As for GSK, it will look to raise a part of the $13 billion required to buyout Swiss pharma giant Novartis’s stake in their consumer healthcare joint venture. “Proceeds from this transaction will be used to support the group’s strategic priorities, including investing in our pharmaceutical business,” CEO Emma Walmsley said on Dec. 03.
Besides, GSK was not keen on holding on to its nutritional drinks segment. Growth for brands like Horlicks had plateaued, according to various estimates.
Brought to India by returning World War I soldiers, Horlicks has since been a fixture at Indian breakfast tables.
The early-mover advantage made Horlicks the leader of India’s Rs7,000 crore health food category, with an over 50% market share. “Horlicks has made a significant contribution to GSK… and we believe Unilever is well placed to maximise its future potential,” Walmsley said.
Competitors to Horlicks include Bournvita (owned by Mondelez), Complan (now owned by Zydus Wellness), and Milo (owned by Nestle). However, the category is expected to grow by a meagre 3.7% between 2017 and 2022, according to data from Euromonitor, prompting many players to palm off the business.

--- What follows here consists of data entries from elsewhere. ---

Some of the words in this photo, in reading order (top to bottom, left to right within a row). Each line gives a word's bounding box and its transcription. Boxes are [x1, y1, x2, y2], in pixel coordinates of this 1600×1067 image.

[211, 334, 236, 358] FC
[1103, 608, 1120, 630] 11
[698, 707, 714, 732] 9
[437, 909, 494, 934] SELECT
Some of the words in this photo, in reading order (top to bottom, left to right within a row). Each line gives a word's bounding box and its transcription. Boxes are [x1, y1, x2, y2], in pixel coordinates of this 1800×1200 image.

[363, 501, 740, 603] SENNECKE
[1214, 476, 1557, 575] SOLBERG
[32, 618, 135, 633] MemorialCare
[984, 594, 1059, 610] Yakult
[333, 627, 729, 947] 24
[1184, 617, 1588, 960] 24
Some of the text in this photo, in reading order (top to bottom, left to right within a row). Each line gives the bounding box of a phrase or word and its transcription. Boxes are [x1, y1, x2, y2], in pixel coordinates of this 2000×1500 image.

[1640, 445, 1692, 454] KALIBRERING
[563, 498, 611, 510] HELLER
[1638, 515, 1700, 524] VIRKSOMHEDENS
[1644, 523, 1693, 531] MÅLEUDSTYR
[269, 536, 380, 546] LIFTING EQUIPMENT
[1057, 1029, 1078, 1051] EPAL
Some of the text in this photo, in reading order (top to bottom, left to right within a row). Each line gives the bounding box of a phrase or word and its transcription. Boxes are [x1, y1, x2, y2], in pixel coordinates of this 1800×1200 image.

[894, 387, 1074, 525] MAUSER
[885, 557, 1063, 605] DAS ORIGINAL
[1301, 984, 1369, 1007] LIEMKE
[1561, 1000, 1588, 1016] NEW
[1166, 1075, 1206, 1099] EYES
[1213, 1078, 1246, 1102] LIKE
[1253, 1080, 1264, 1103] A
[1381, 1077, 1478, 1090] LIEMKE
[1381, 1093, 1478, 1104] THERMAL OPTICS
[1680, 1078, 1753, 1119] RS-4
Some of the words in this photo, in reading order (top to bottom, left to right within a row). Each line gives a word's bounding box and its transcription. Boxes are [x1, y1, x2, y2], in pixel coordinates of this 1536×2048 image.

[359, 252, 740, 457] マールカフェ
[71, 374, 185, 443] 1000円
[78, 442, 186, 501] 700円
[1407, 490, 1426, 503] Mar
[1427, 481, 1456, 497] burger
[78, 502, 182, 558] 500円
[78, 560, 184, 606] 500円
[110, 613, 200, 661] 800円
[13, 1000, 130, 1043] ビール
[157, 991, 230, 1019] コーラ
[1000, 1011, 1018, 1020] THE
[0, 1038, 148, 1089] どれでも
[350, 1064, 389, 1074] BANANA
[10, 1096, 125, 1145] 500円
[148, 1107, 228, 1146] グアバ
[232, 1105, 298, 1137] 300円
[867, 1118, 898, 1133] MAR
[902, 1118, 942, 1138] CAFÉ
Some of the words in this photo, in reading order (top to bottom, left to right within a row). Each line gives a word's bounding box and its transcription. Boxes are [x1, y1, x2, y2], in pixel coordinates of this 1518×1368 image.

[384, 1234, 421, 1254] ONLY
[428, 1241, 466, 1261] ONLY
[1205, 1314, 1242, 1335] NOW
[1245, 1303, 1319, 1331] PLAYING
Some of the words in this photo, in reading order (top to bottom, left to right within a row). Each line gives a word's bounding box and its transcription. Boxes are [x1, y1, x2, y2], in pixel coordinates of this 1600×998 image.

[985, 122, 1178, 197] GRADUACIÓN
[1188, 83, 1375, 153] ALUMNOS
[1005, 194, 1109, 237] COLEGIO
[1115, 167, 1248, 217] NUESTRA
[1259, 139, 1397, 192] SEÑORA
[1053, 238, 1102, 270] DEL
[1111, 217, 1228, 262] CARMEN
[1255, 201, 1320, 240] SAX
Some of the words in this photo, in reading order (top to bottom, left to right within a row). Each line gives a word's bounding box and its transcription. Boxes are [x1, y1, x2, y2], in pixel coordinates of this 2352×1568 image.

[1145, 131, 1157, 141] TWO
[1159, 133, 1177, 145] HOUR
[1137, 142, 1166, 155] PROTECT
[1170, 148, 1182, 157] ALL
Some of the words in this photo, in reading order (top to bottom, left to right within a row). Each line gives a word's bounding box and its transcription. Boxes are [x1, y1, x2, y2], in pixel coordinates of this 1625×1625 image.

Last month, Heinz India had sold its Complan health drink (and other brands) to Ahmedabad-based Zydus Wellness for Rs4,595 crore. The sale was also prompted by growth concerns.
In a similar vein, for the past few months, negotiations have been in the works to sell Horlicks to companies such as Coca-Cola and even Nestle. However, HUL outbid them all.
HUL, a behemoth that posted a Rs35,000 crore turnover last fiscal, hopes to re-energise the segment with its network of 7 million retail outlets by pushing more products under the new brands. “We will increase penetration with a special focus on rural markets and emerging channels and expand our offerings to the fast-growing premium segment…” Mehta said. He expects the business to grow in double-digits in the medium-term.
The deal got a thumbs up from industry watchers.
“The acquisition is in line with HUL’s strategy of building a strong food and refreshment portfolio by leveraging the mega trend of health and wellness,” said Abneesh Roy, senior vice-president for institutional equities at Edelweiss. Post acquisition, HUL will drive penetration, upgrade and premiumise customers, unlock the north and west markets where GSK CH was relatively weaker, etc, apart from increasing innovation and new product development, Roy added.
The deal with HUL, will see GSK CH merged into the former as a separate legal entity.
HUL has clinched the five-year distribution rights for GSK CH’s over-the-counter (OTC) brands such as the antacid Eno, the painkiller Crocin, and Sensodyne, which will remain in the GSK stable. “India remains an important market for GSK and the company will continue to invest in growth opportunities for its OTC and oral health brands,” said Walmsley.